Outra iniciativa da gestão de José Marques foi a construção do moderno e original Espaço Miguel Torga, na Freguesia de São Martinho de Anta, com o objetivo de salvaguardar e difundir a obra do escritor, bem como divulgar o território e patrimônio de Sabrosa inserido no Alto Douro Vinhateiro. O projeto deste centro de interpretação é de autoria de Eduardo Souto Moura, um dos principais arquitetos de Portugal. A obra já estava pronta quando Souto Moura ganhou o Prêmio Pritzker, espécie de “Nobel da arquitetura”, que recebeu das mãos do então presidente norte-americano Barack Obama. “Foi uma boa aposta. Assim, associamos um expoente da literatura com um expoente da arquitetura”, diz José Marques.

Torga, em seu livro “Portugal”, denomina “Reino Maravilhoso” à região de Trás-os-Montes, na vertente esquerda do Rio Douro, que “oficialmente vai de Vila Real a Montalegre, de Montalegre a Chaves, de Chaves a Vinhais, de Vinhais a Bragança, de Bragança a Miranda, de Miranda a Freixo, de Freixo à Barca de Alva, de Barca à Régua e da Régua novamente à Vila Real…”.

Sabrosa está a cerca de 15 km de Vila Real, ligada pela moderna EN 322 – rodovia considerada uma das duas principais “portas de entrada da região do Douro” – construída no governo do primeiro ministro José Sócrates com recursos do Estado português e de fundos europeus.

De Sabrosa para Vila Real e para o mundo.

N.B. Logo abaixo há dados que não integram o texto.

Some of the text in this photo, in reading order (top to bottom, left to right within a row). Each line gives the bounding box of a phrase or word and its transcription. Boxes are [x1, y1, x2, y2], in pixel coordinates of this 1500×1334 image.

O escritor Miguel Torga comunga da mesma universalidade do seu conterrâneo Fernão de Magalhães, enfatiza Alfredo Martins. “É essa universalidade que convoca quando se refere ao nevegador que abarcou a Terra com a sua viagem de circum-navegação.”

O desejo de alcançar o mundo, presente no poema “Fernão de Magalhães” e nos “Diários, pode ser resumido na frase de Torga “O universal é o local sem paredes”, citada na conferência “Traço de União” que foi realizada pelo escritor em 1955 na cidade de São Paulo, Brasil.

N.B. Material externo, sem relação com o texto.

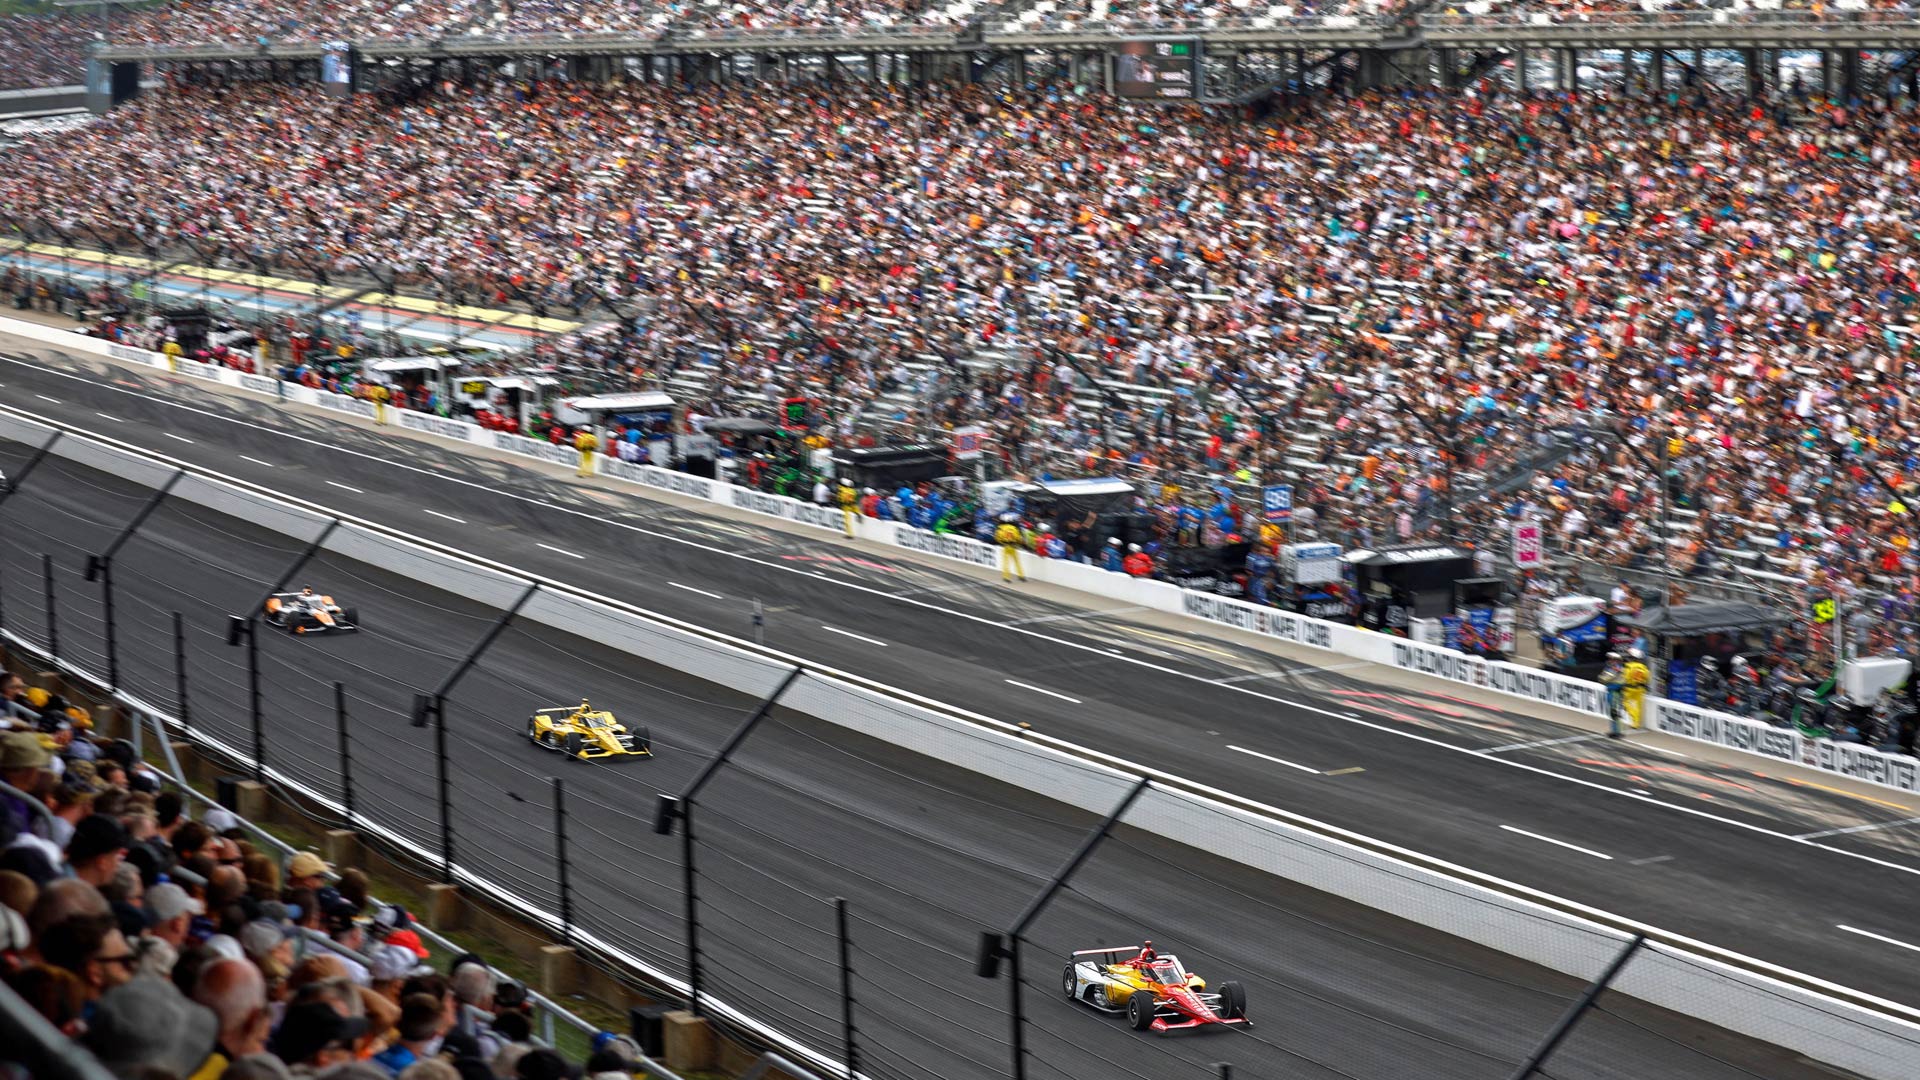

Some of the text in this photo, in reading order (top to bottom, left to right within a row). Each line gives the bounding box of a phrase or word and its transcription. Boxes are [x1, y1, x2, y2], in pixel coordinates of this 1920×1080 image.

[1392, 642, 1413, 669] TOM
[1657, 704, 1721, 744] CHRISTIAN
[1723, 719, 1799, 762] RASMUSSEN
[1821, 742, 1837, 771] ED
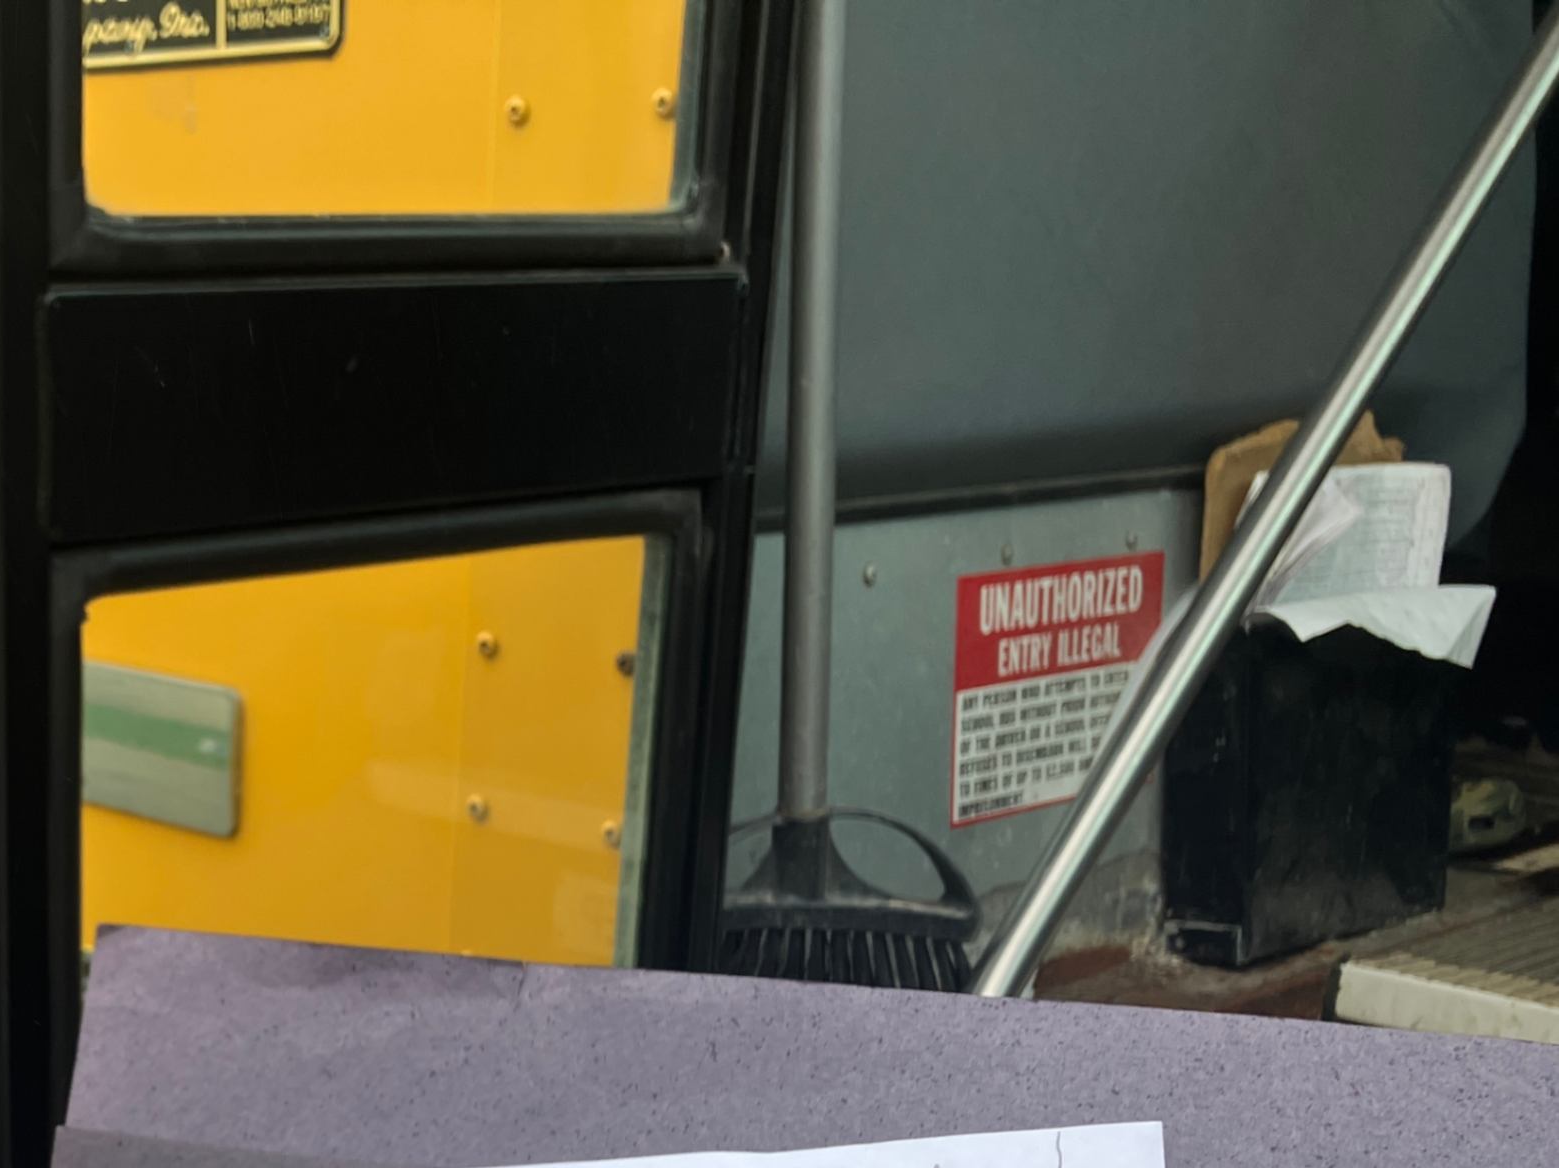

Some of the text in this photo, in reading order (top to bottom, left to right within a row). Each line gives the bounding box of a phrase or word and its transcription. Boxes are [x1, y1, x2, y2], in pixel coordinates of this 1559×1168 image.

[979, 564, 1143, 636] UNAUTHORIZED
[998, 621, 1121, 678] ENTRY ILLEGAL

Nos “Diários”, Torga cita o navegador várias vezes, como por exemplo “Fernão de Magalhães, o patriarca dessa conquista espacial da liberdade” (Diário IX, 2ª edição revista, Coimbra, Edição do Autor, 1977, pp. 93-94). Ou então o trecho: “Com um passado assim rico culturalmente, não são de estranhar milagres como o de, na curta distância que vai de Vila Real à vizinha Sanfins, se nos imporem as memórias diversas e gloriosas de Diogo Cão, do Morgado de Mateus, de Frei Manuel do Cenáculo, de Miguel Contreiras, de Fernão de Magalhães, de Manuel da Nóbrega” (Diário XVI, Coimbra, Edição do Autor, 1993, pp. 84-88). Ou ainda: “Fernão de Magalhães, um lusitano sem fronteiras” (Diário XII, 3ª edição revista, Coimbra, Edição do Autor, 1986, pp. 193-198).

Comemorações

Assim, Sabrosa prepara-se para as comemorações dos 500 anos da primeira volta ao mundo por Fernão de Magalhães, com ampla programação de eventos. “A Vila vai ficar toda engalanada, com pendões artísticos dedicados a Fernão de Magalhães e à viagem”, diz Domingos Manuel Alves Carvas, o atual presidente da Câmara Municipal que foi vice de José Marques.

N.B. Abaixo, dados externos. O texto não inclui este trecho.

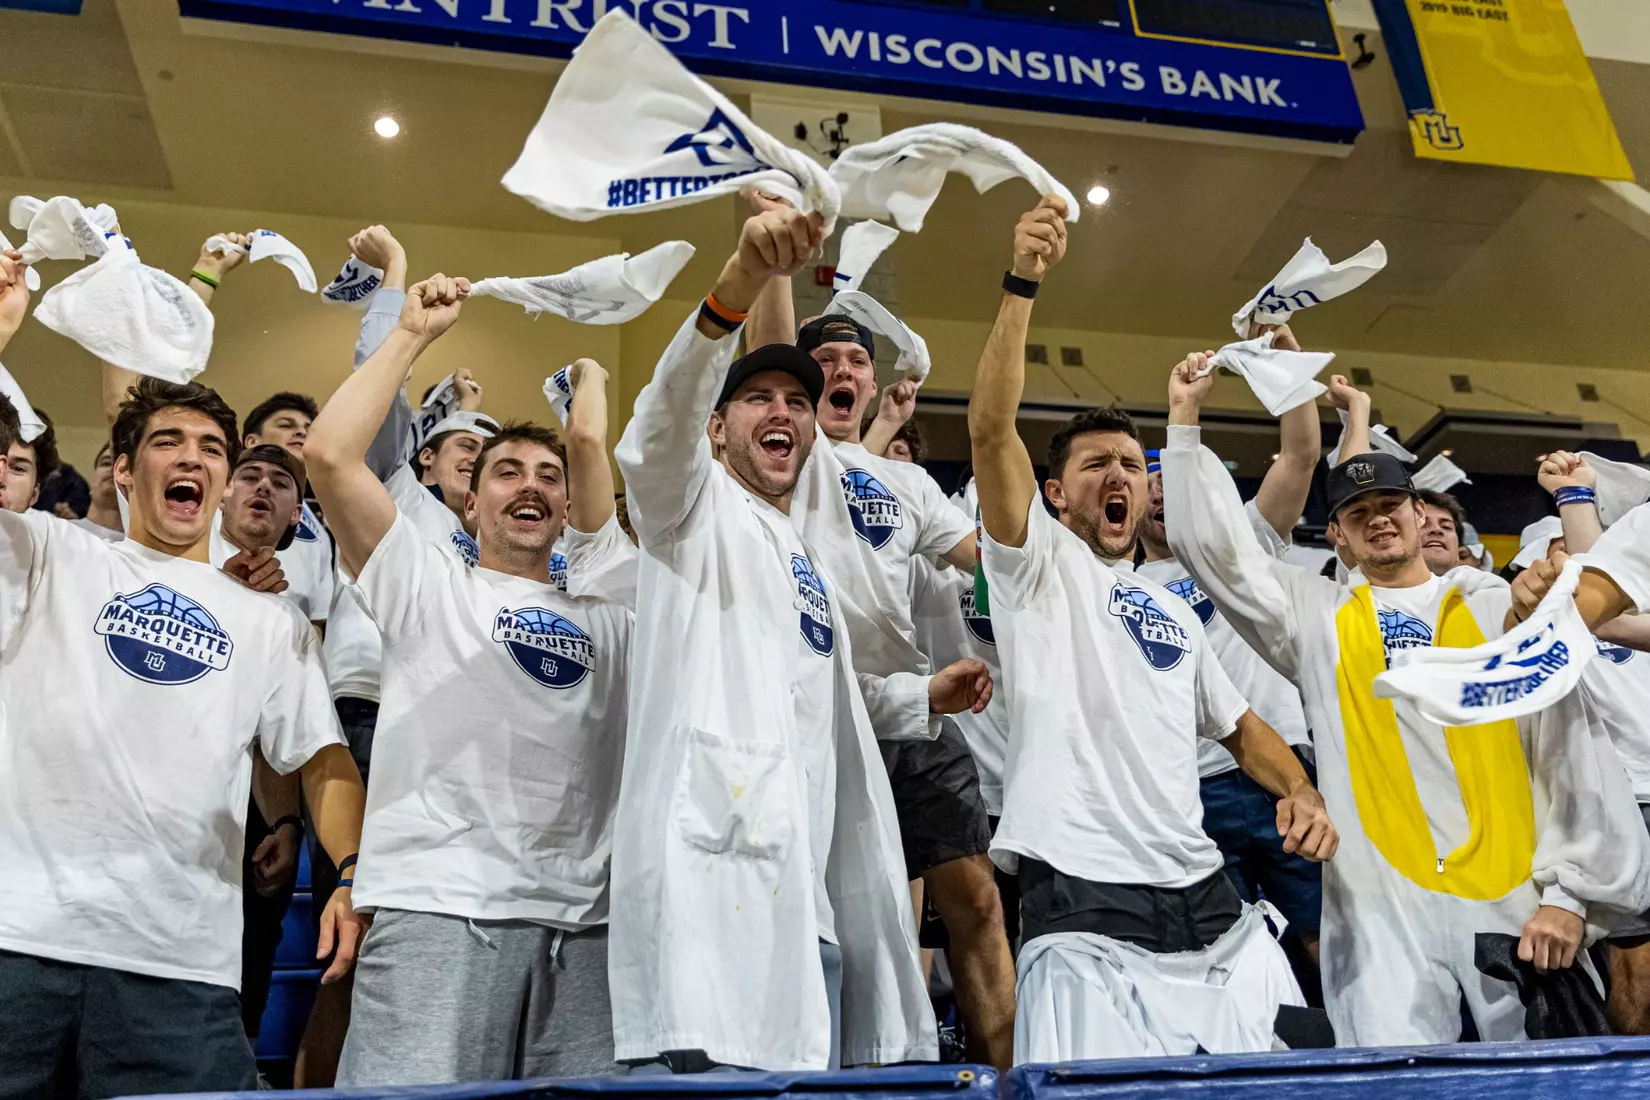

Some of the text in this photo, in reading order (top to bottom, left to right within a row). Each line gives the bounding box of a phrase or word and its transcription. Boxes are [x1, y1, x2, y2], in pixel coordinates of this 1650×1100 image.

[1451, 5, 1475, 17] BIG
[1476, 8, 1509, 22] EAST
[814, 24, 1146, 91] WISCONSIN'S
[103, 604, 229, 656] MARQUETTE
[107, 622, 214, 664] BASKETBALL
[144, 650, 166, 672] MU
[540, 657, 558, 678] MU

Entre as atividades, estão previstos edição de livro traduzido de um escritor filipino sobre o navegador; participação em filme baseado no livro “Fernão de Magalhães para além do fim do mundo”, de Laurence Bergreen; participação ativa em documentário sobre a figura de Magalhães e a viagem; exposição internacional sobre locais, costumes, tradições e atrativos dos países aportados pela frota de Magalhães; elaboração de novo lay-out da Câmara Municipal condizente com as comemorações; peças de teatro e espetáculo musical com o tema do quinto centenário; concurso de fotografias sobre Magalhães e a viagem; trabalhos por alunos das escolas locais sobre os feitos de Magalhães; e dentro do possível participação na programação nacional.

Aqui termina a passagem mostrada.